Some of my personal memories of our senior year at Wilson include: the all night gambling party at Neal Peterson’s house; the grad night party, also at Neal’s and all night (instead of going to Disneyland on the bus), following which there was a report in the Press-Telegram about an unsupervised teenage party in Park Estates involving drinking; bodysurfing Huntington Beach and The Wedge with Wes and Craig Wiesenhutter; playing sport with my oldest friends Rob Sagehorn and Randy Rossi; speaking at an assembly at Poly before one of their football games (I think that it was Millikan); and heading off with Craig on my first road trip a few weeks after we graduated, to Yellowstone in Wyoming (but then turning around when we got there because it was raining and returning home for a night, and then heading off the next morning to Rosarita Beach near Ensenada to camp and bodysurf).

And I have a confession to make.  Yes, I was one of the group that toilet papered the quad the night before our very last day of school (we pooled our money and bought hundreds of rolls of tp).  Craig and Greg Pike were dumb enough to run the wrong way when several police cars showed up, hide under the wrong bush (under a bright light) and get caught.  They got called in the next day by Mr Nelson, but they didn’t rat on the rest of us, and we held our breath that last day at Wilson as we watched Craig and Greg clean up the mess.

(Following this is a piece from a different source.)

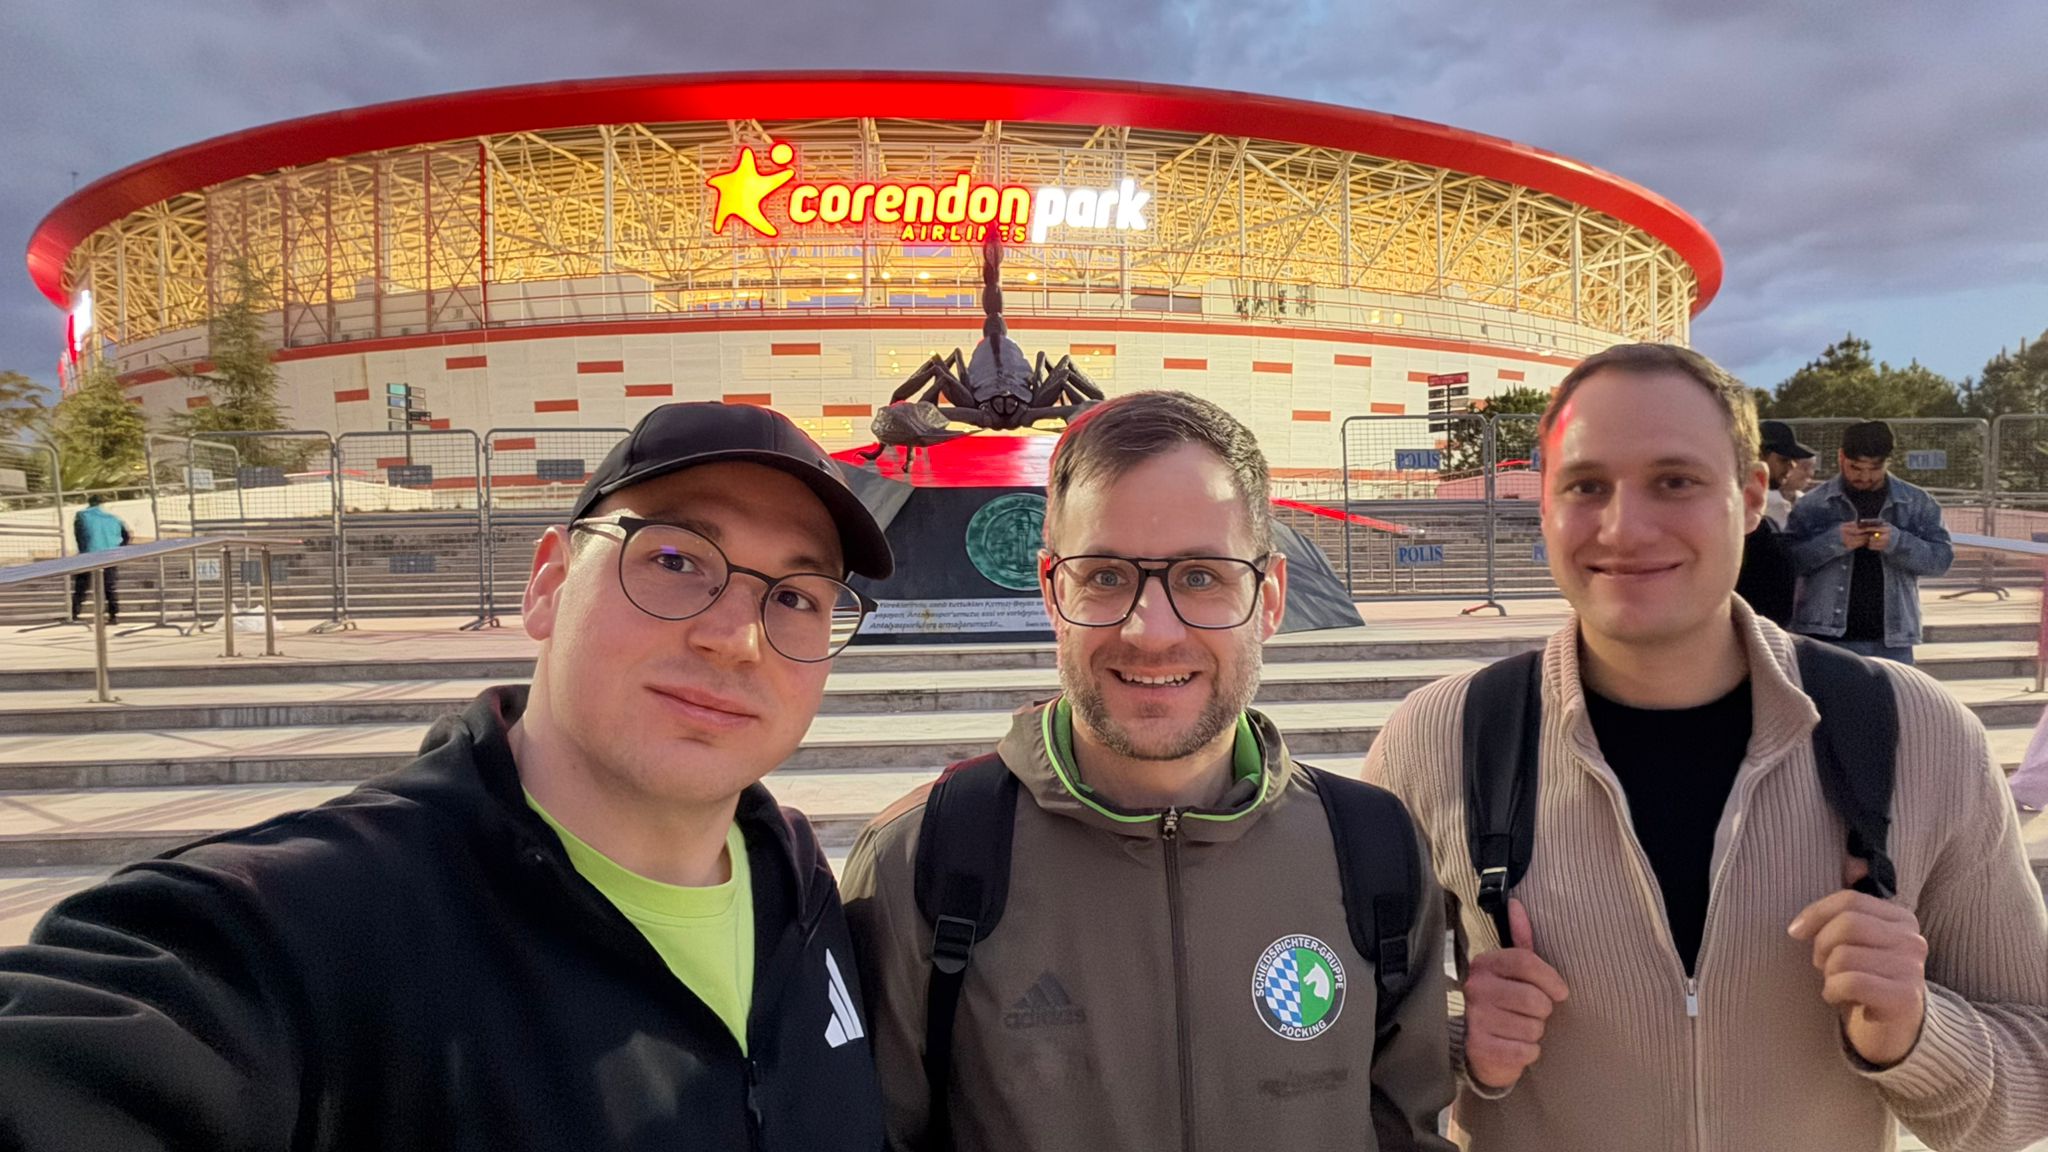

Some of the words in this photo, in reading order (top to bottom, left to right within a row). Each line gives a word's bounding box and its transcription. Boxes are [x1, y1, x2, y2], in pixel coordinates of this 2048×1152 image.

[788, 173, 1030, 224] corendon
[1031, 176, 1152, 243] park
[1255, 937, 1344, 997] SCHIEDSRICHTER-GRUPPE
[1279, 1019, 1327, 1038] POCKING

We were young during our years at Wilson, and it was exciting to be growing up whilst being at a great school. We had a huge amount of fun. For me it was a time of innocence (apart from the toilet papering episode) and lots of new experiences. We all have our collective and separate memories, and for me the years at Wilson were some of the best years of my life.

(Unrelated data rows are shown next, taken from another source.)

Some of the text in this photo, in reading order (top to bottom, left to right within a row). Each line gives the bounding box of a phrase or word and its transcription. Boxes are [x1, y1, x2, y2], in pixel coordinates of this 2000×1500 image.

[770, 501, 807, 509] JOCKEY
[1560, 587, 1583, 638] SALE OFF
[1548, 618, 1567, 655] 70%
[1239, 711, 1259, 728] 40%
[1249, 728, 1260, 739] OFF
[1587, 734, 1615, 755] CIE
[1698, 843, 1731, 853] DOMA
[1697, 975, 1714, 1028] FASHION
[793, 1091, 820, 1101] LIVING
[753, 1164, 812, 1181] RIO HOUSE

It looks like Patti and the committee have organised what promises to be a fun and memorable 50th reunion – I look forward to catching up and sharing more memories – they were such special years.

Rob Towner




Sunday, June 9, 1968  Vesper's Invocation:

A new realm of life awaits each one of us: we are the men and women of the future – the voice of tomorrow. Yet tomorrow is not an easy road, tomorrow is surely a challenge. We realize this ever more in the tragic death of Senator Robert F. Kennedy. On this national day of mourning, let us hold the memory of Robert Kennedy dear, but let us also look towards the future. We are once again reminded of the trouble and violence in our land, again reminded of our challenge. Seniors, let us meet this challenge with open minds and open hearts. Let responsibility distinguish all of our goals, all of our efforts. May the spirit of truth be our guiding light. May we be people of conscience and let us possess an enduring courage in our convictions. Let us strive to bring understanding into the lives of all people, and may we have faith that the brotherhood of man will prevail. Most importantly, let ours be a time of joy and happiness. May the sunshine of our love illuminate the lives of all men. Let us meet this challenge with open minds and open hearts. At this time I ask that you rise for thirty seconds of silence in the memory of Senator Robert F. Kennedy.

1 comment:

Unknown said...

Rob you covered things brilliantly!


We were in many ways privileged to grow into young adults during a time of such huge social and political change.

FYI . 1968 My 1st concert was to see Cream at the Santa Monica Civic Auditorium

June 1972 Saw the Rolling Stones with Stevie Wonder doing the opening set at the San Diego Sports Arena

*For $6.50, you got to see the Stones, Stevie Wonder and… free parking?

2015 The Stones played a local North County SD venue -The Belly up on Cedros, Solana Beach. didn't go to this private party. but can you imagine?!